Hedge trees are pretty prevalent around here. They're a pretty hard, heavy wood. Would it work to put in my aquarium? Is it gonna cause problems if I do?


----------



## Eldachleich (Jul 9, 2011)

I;m asking the same question.. theres a hedge round here thats just awesome for wood.. So far it looks promising..


----------



## christian_cowgirlGSR (Aug 2, 2011)

Does anyone know about hedge in an aquarium? Bump.


----------



## mistergreen (Dec 9, 2006)

What do you mean by hedge tree? What species? pine hedges? maple hedge?


----------



## christian_cowgirlGSR (Aug 2, 2011)

The tree I'm interested in using can also be called "Osage Orange".


----------



## mistergreen (Dec 9, 2006)

Ah, those guys. We have them here too. I've never used it in the tank but I don't see why not. The wood is dense and resists rot.

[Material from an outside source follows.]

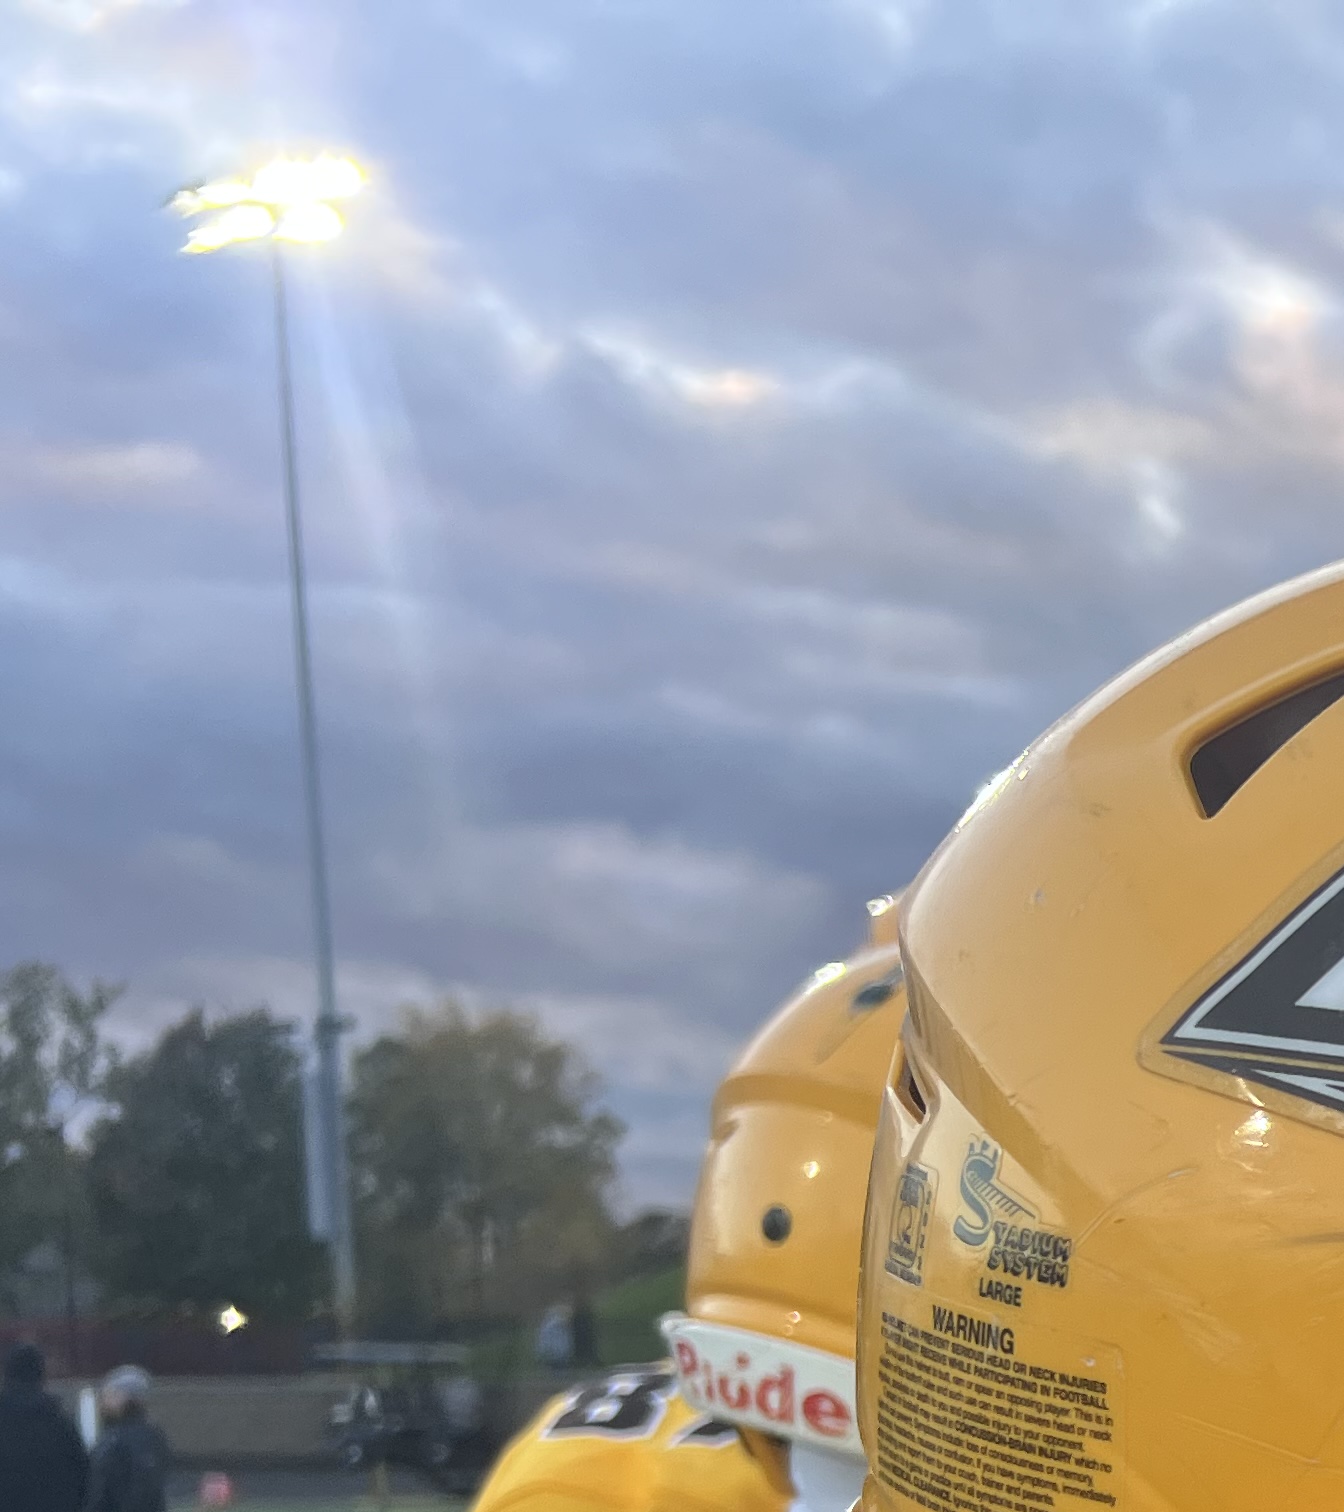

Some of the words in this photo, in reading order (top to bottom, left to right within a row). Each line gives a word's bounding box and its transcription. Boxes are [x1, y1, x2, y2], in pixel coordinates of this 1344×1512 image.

Like any wood, it must be dead of aged before putting it in the tank. Age it in water or laying in the sun for a few months. There might be toxins in the fresh sap. I just read an orange dye can be extracted from this wood. I'd recommend soaking it in water before putting it in the tank unless you enjoy the color.


----------



## christian_cowgirlGSR (Aug 2, 2011)

The branches I chose are from trees that have been dead for a while (no bark, yay!). I plan on soaking them for a while to get rid of some of the tannins. There is some moss on the wood. Will that cause problems?


----------



## mistergreen (Dec 9, 2006)

The moss will die off. You can remove as much as you can. They'll come off easily when you soak the wood.


----------



## Secretninja (Dec 30, 2011)

Definitely get old stuff. The sap is awful, and it has a TON of sap.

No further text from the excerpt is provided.